Your goal
Return the records below in full. Keep every word exact and skip the images.

★ ★ ★ ★

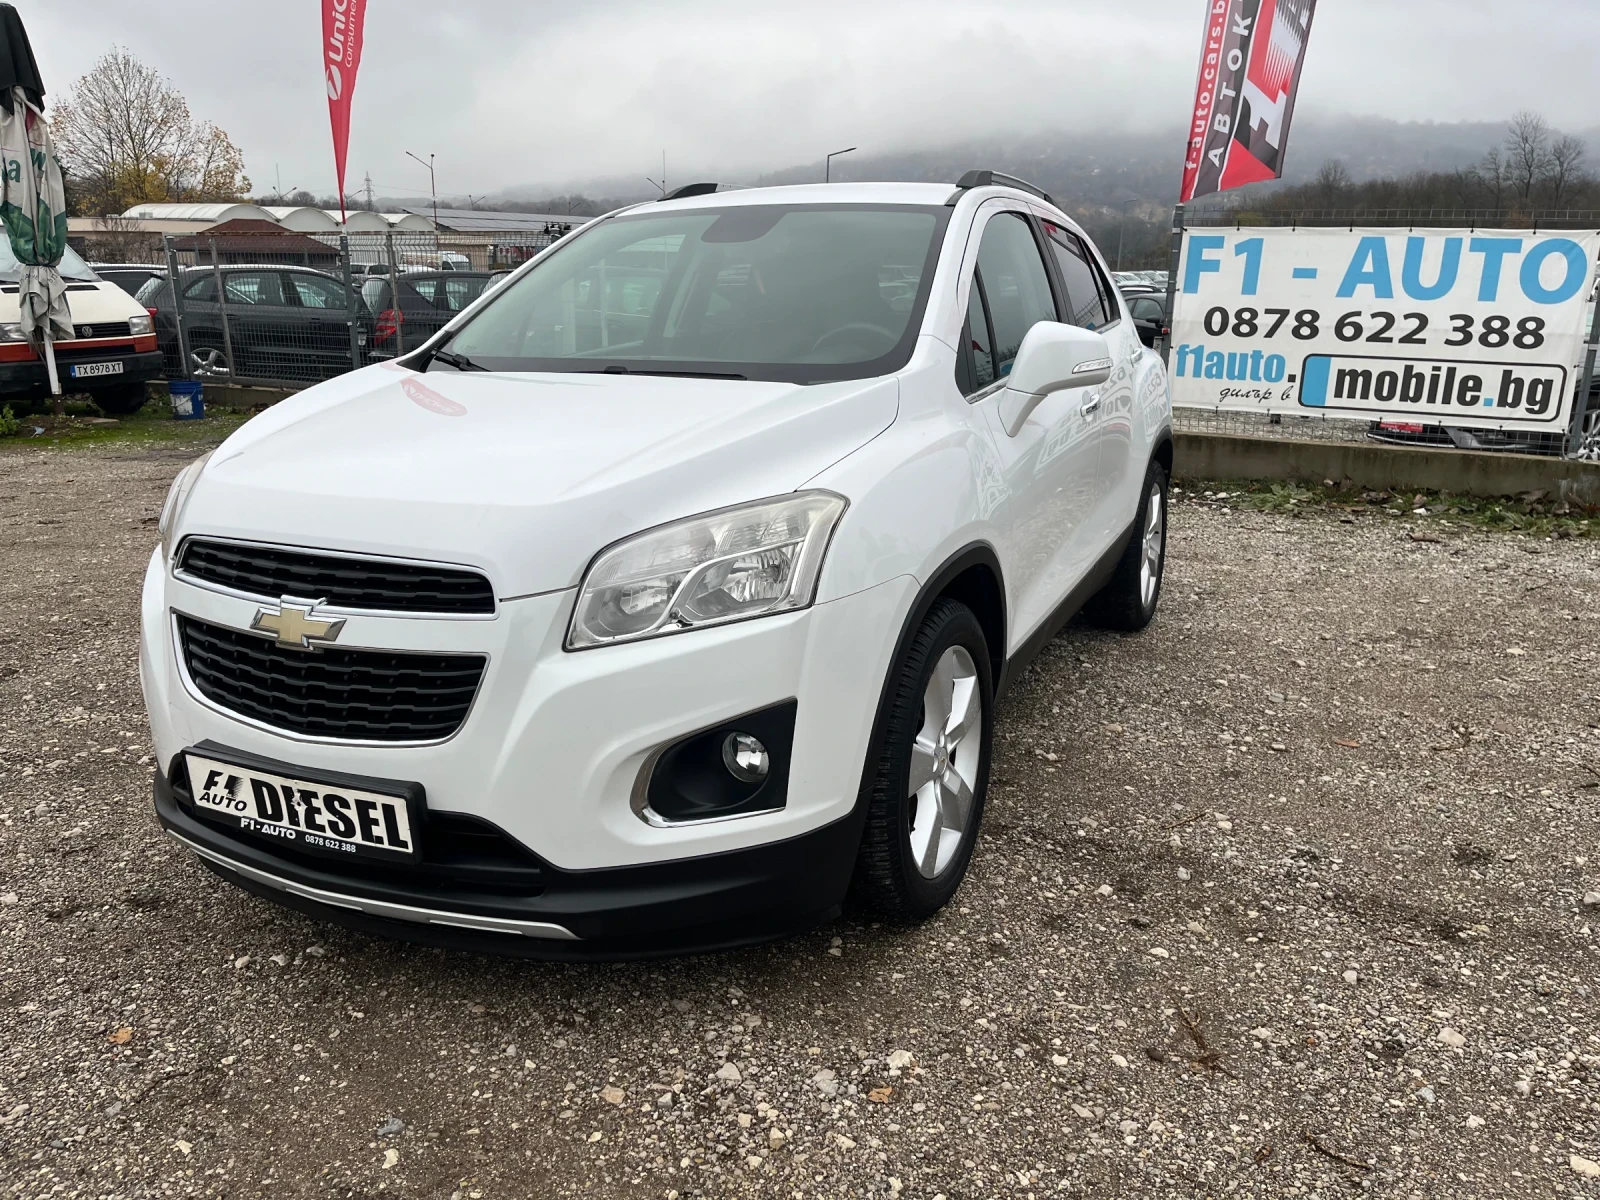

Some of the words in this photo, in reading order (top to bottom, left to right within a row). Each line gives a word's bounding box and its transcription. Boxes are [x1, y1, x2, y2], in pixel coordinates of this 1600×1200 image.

[1182, 235, 1265, 296] F1
[1335, 236, 1588, 305] AUTO
[1203, 306, 1320, 340] 0878
[1334, 310, 1430, 345] 622
[1444, 313, 1546, 349] 388
[76, 366, 89, 376] TX
[89, 364, 110, 375] 8978
[110, 362, 122, 373] XT
[1333, 364, 1554, 415] mobile.bg
[198, 791, 248, 812] AUTO
[249, 777, 409, 850] DIESEL
[305, 834, 324, 846] 0878
[325, 839, 340, 850] 622
[341, 842, 357, 853] 388
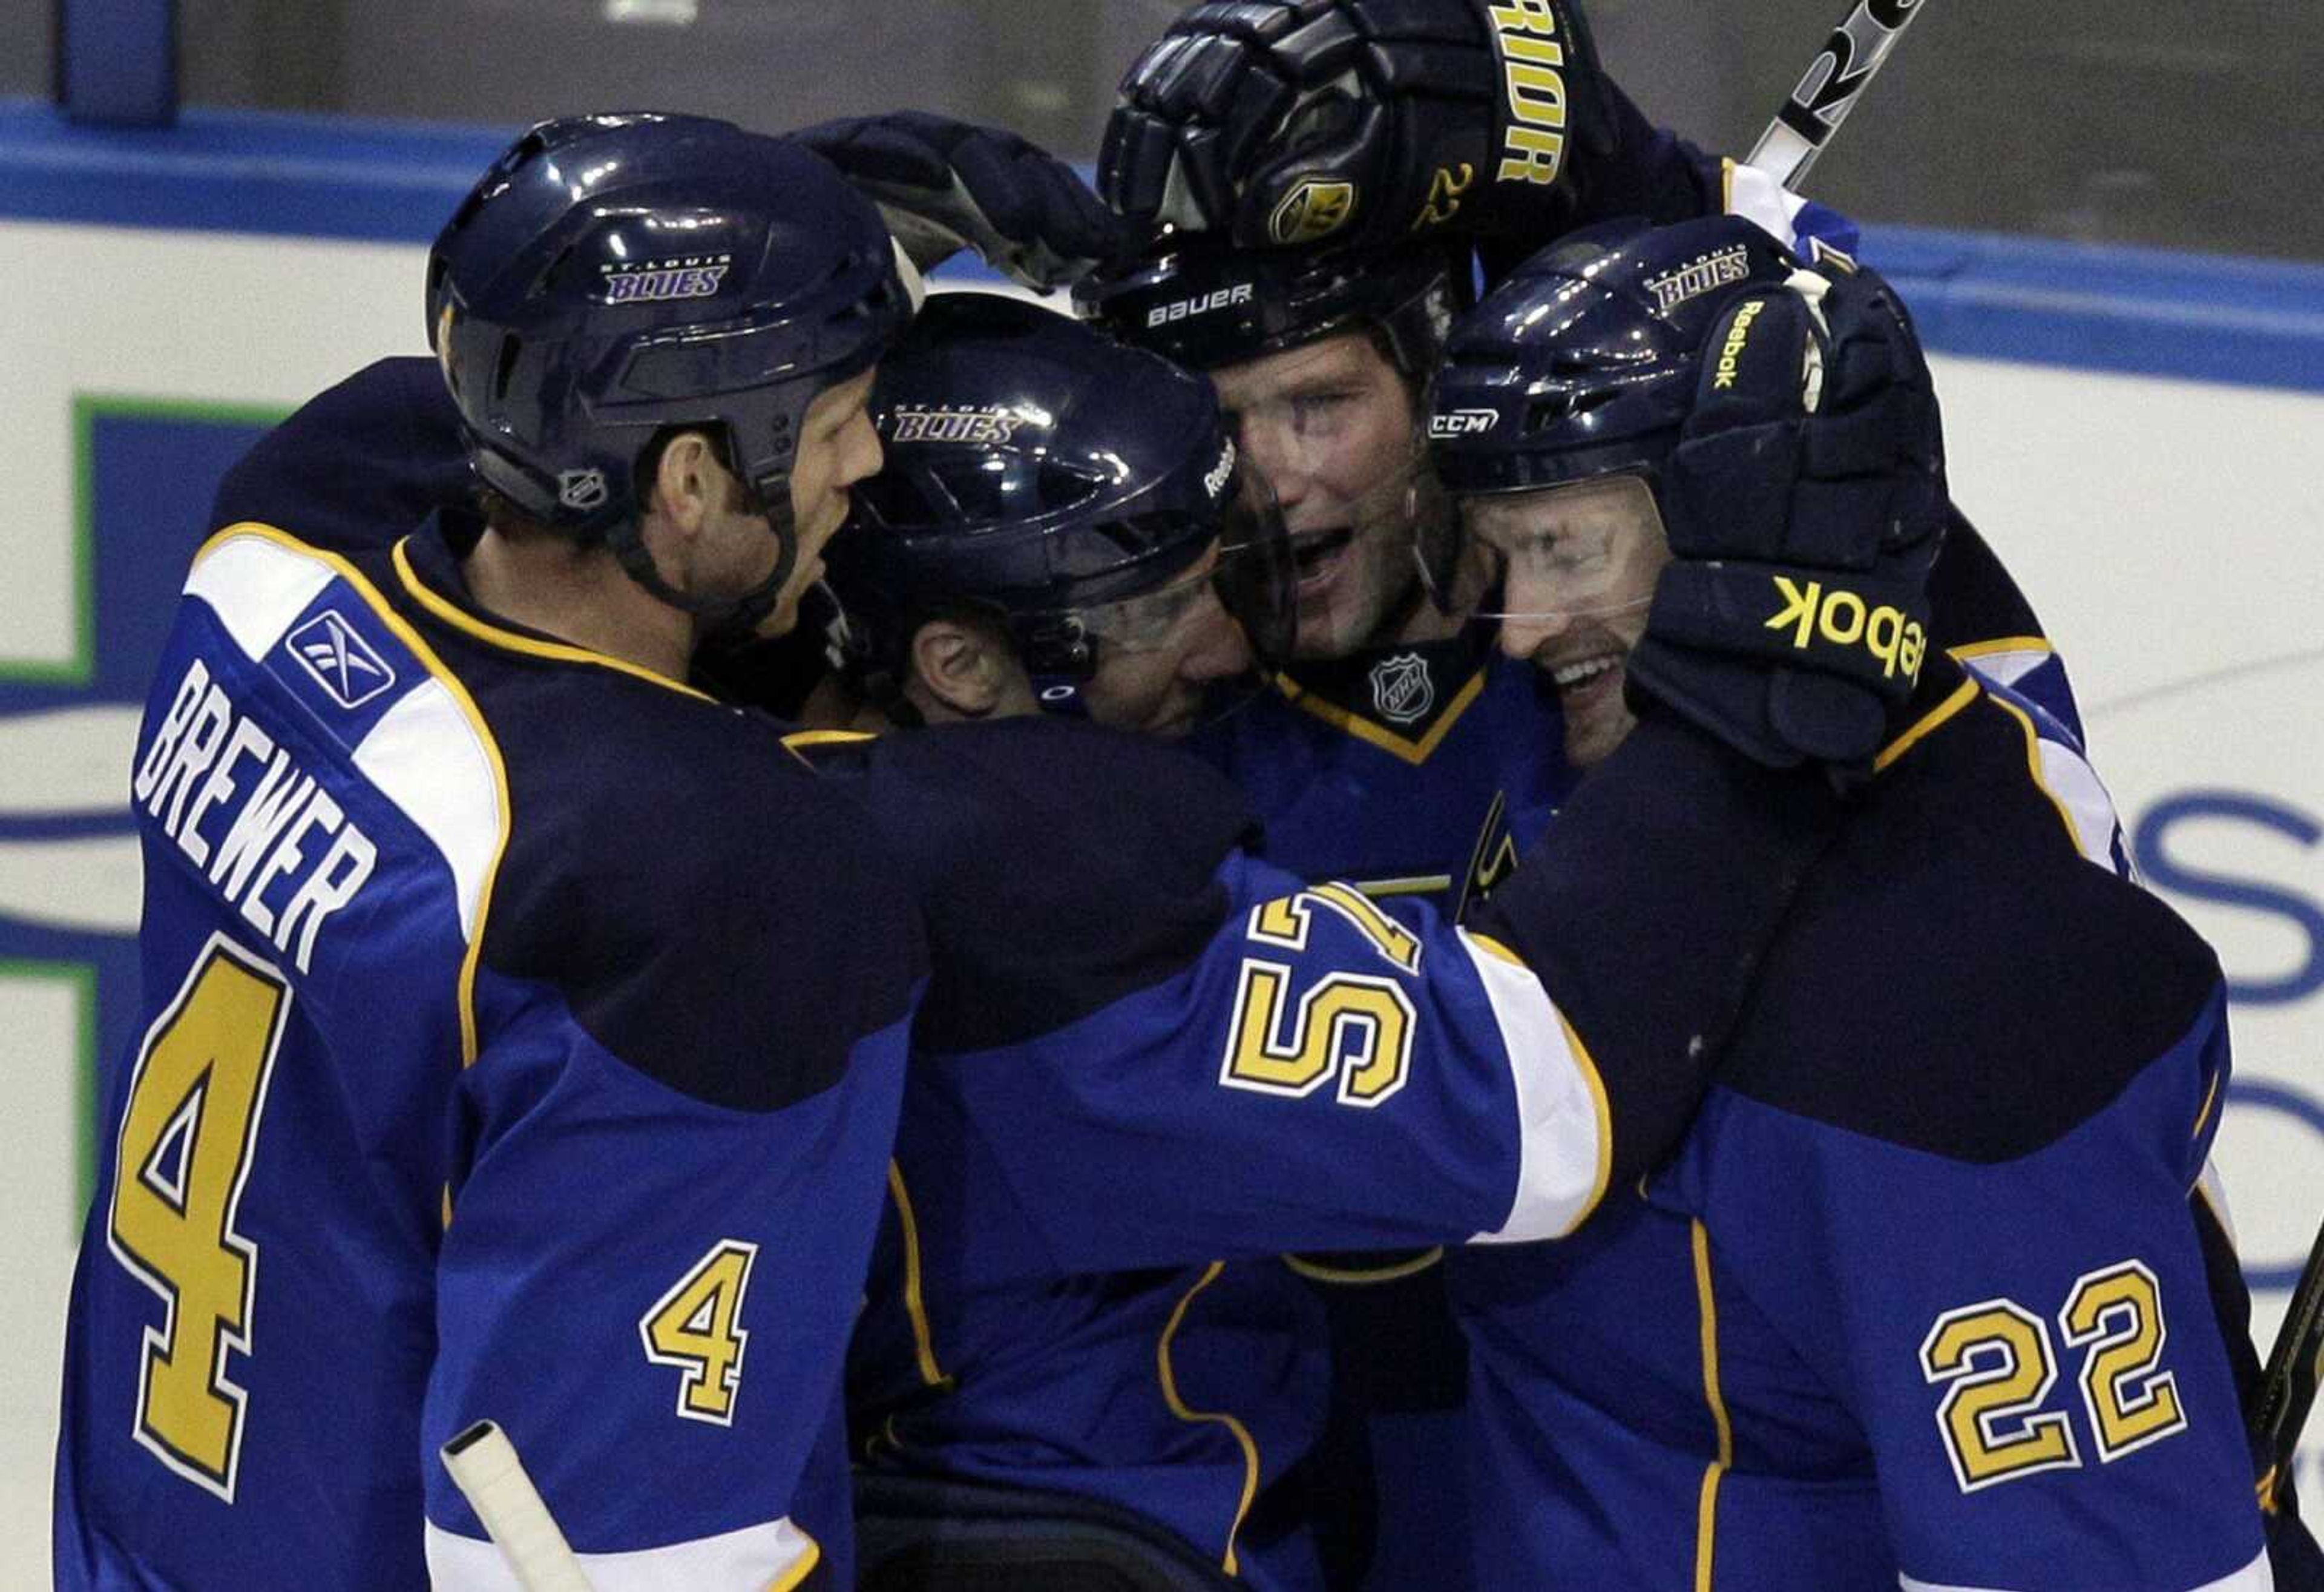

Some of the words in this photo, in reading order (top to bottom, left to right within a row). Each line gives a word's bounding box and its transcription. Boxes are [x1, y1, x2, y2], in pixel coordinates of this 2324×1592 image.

[605, 265, 730, 303] BLUES
[646, 254, 731, 270] LOUIS
[1648, 251, 1751, 310] BLUES
[1147, 283, 1253, 329] BAUER
[1713, 301, 1765, 389] Reebok
[893, 411, 1024, 442] BLUES
[1430, 413, 1491, 434] CCM
[134, 657, 378, 976] BREWER
[1219, 881, 1422, 1109] 57
[107, 929, 295, 1505] 4
[638, 1238, 759, 1428] 4
[1919, 1257, 2188, 1495] 22

★ ★ ★ ★

The answer
Some of the words in this photo, in reading order (top to bottom, left to right within a row). Each line gives a word's bounding box and its transcription. Boxes are [x1, y1, x2, y2], in pixel coordinates of this 1600×1200 image.

[1182, 235, 1265, 296] F1
[1335, 236, 1588, 305] AUTO
[1203, 306, 1320, 340] 0878
[1334, 310, 1430, 345] 622
[1444, 313, 1546, 349] 388
[76, 366, 89, 376] TX
[89, 364, 110, 375] 8978
[110, 362, 122, 373] XT
[1333, 364, 1554, 415] mobile.bg
[198, 791, 248, 812] AUTO
[249, 777, 409, 850] DIESEL
[305, 834, 324, 846] 0878
[325, 839, 340, 850] 622
[341, 842, 357, 853] 388

Some of the words in this photo, in reading order (top to bottom, left to right within a row). Each line gives a word's bounding box and its transcription. Boxes are [x1, y1, x2, y2], in pixel coordinates of this 2324×1592 image.

[605, 265, 730, 303] BLUES
[646, 254, 731, 270] LOUIS
[1648, 251, 1751, 310] BLUES
[1147, 283, 1253, 329] BAUER
[1713, 301, 1765, 389] Reebok
[893, 411, 1024, 442] BLUES
[1430, 413, 1491, 434] CCM
[134, 657, 378, 976] BREWER
[1219, 881, 1422, 1109] 57
[107, 929, 295, 1505] 4
[638, 1238, 759, 1428] 4
[1919, 1257, 2188, 1495] 22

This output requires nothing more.